We here at the H&T Rwy do try to provide the best service,
to our past, present and future nabobs, even Angel Eyes. 
Let's see how we can get them up to the Yankee Blade mines or better yet, down.

Been hammering on the house, well, screwing around really, about 25lbs plus of screws.
Had to rebuild two walls on the back (newest about 1950s) addition. 

:f:  

It has been a grind and not much modeling going on except for 5 minutes here, 5 minutes there. 
Today, I picked up the debris, all the windows and doors are in, the walls are rock solid,
until after I die anyway, and it was time to reset for doing the eves. 
Yes there is rot there too. 
Hey, Mr. SAWZALL!!! 

:bg: 

But the house is wrapped up like a birthday present,
and is awaiting the siding, insulation in many parts and sheetrock. 
Dang, I'm bushed. 
But I played around with my newest combine for a couple of hours today...


Hit the Brakes!

I do like these MDC trucks,
whoda thunk that they'd be so hugeish that maybe they're too big for HO? 

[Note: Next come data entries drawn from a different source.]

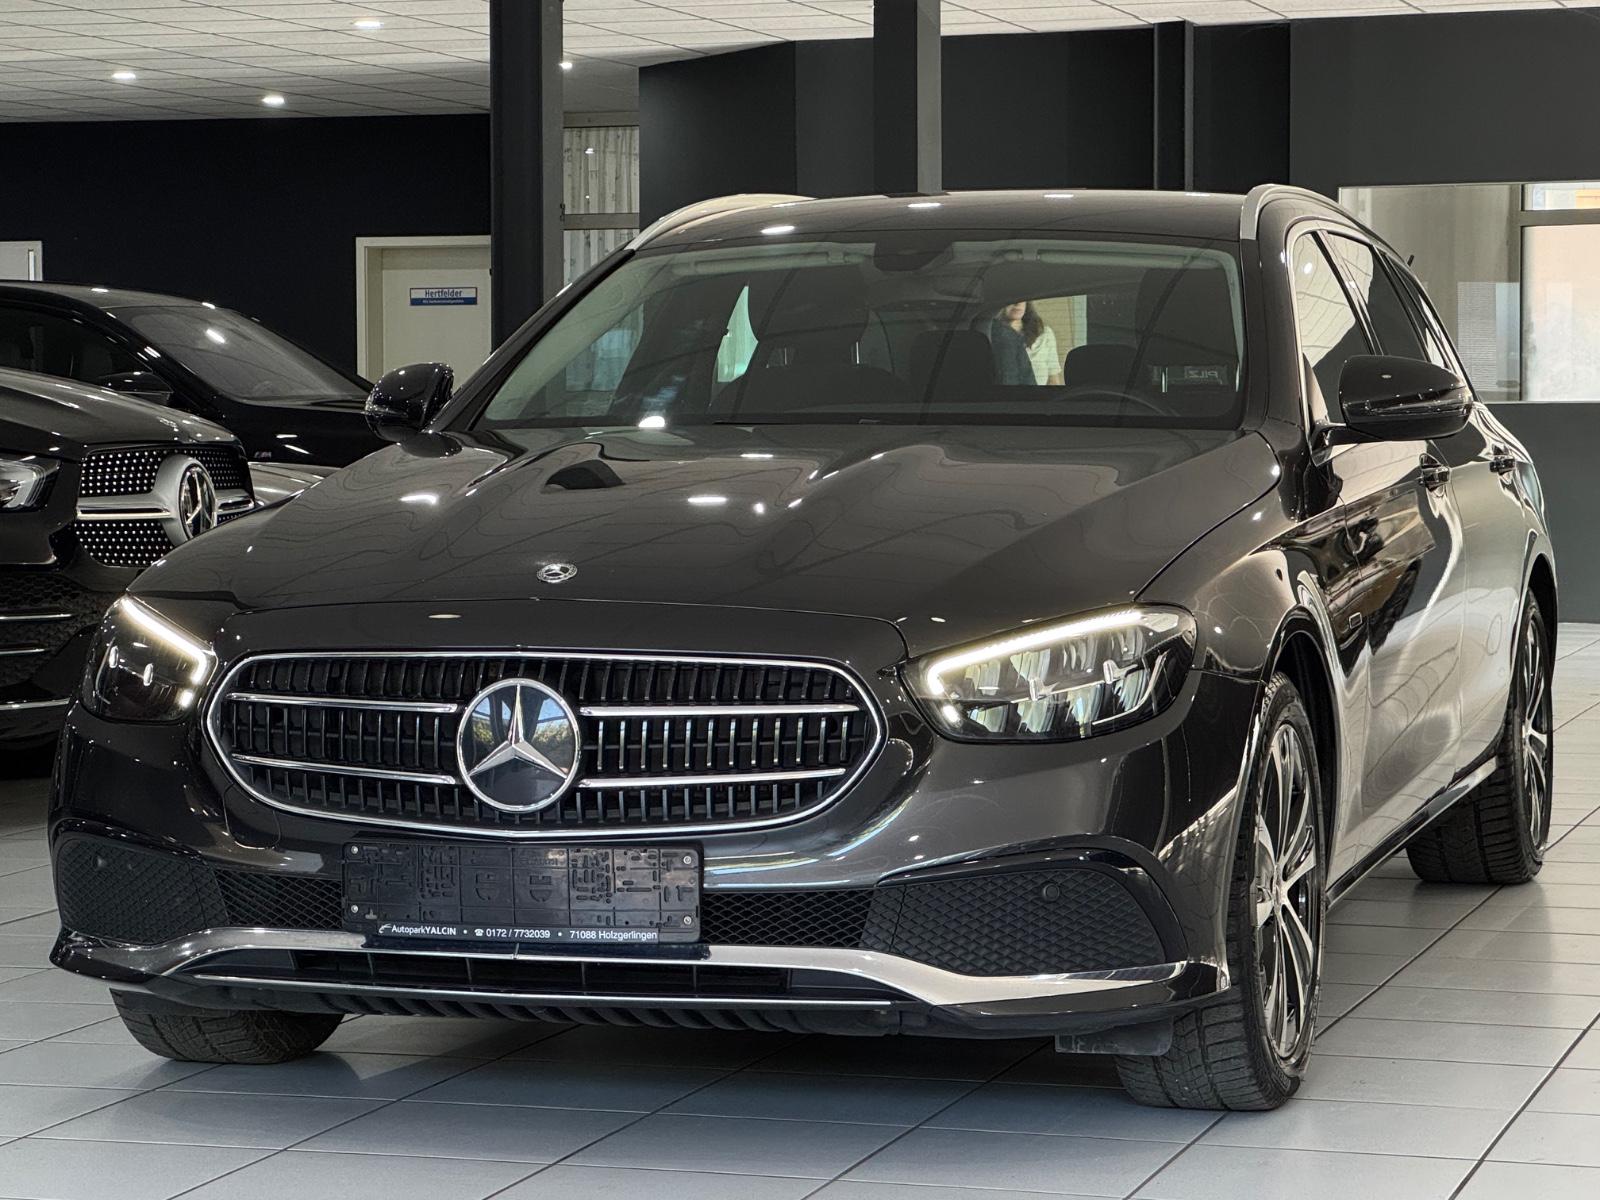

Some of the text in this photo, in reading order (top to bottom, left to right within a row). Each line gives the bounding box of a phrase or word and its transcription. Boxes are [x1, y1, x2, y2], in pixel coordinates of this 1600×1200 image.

[425, 289, 463, 298] Hertfelder
[391, 925, 457, 936] AutoparkYALCIN
[486, 929, 507, 938] 0172
[514, 929, 551, 939] 7732039
[569, 930, 597, 940] 71088
[598, 930, 658, 942] Holzgerlingen

I got them under the car and I was looking at them. 
There was something very wrong, but what could it be?!  





Yeah, they're not like high toned rivet counter trucks, but hey, I'm in recovery right?
Then it suddenly dawned on me. 
This is a MouNtaInoUs railroad, and they ain't got no brakes!  

:shocked:  

How the heck are those little guys supposed to stop in Austin on the way down? 
They'd be half way to Battle Mountain before the car slowed enough for the little dudes to get off!!! 

:w:

Well, thank you Mr. Kitts at Foothill Model Works, who had sold to me, in the past,
some wooden brake beams for some McCloud Trucks. 
They sure look snazzy and dang if the car can stop when the boys turn the crank! 





So from the the Howdedodat File:  :dt:

First of all keep in mind that these trucks are those "slippery" plastic jobbers,
that nothing (not even paint with handling) sticks to. 
So how to stick 'em on the ends so they don't fall off enroute to the high up mines? 
I had some scrap styrene and phosphor wire sitting on the bench and it hit me... 
I decided to bolt them on.

Get your parts together first.
Here we have the inside hanger. 
This beam goes towards the center of the car. 
The straight one goes to the outside. 
The bend in the iron accommodates the brake linkage, that comes from the center, to the trucks. 
The wire doesn't show up very well, but it is the back line that is not parallel to the lines on the cutting pad. 
How thick?  I dunno, nor care. 
The styrene is maybe 0.20 x 0.40?  Again, don't know, it was sitting there and it got used. 
I cut two little blocks off of the styrene about the width of the iron part of brake hanger.
The FMW parts are styrene too fortunately.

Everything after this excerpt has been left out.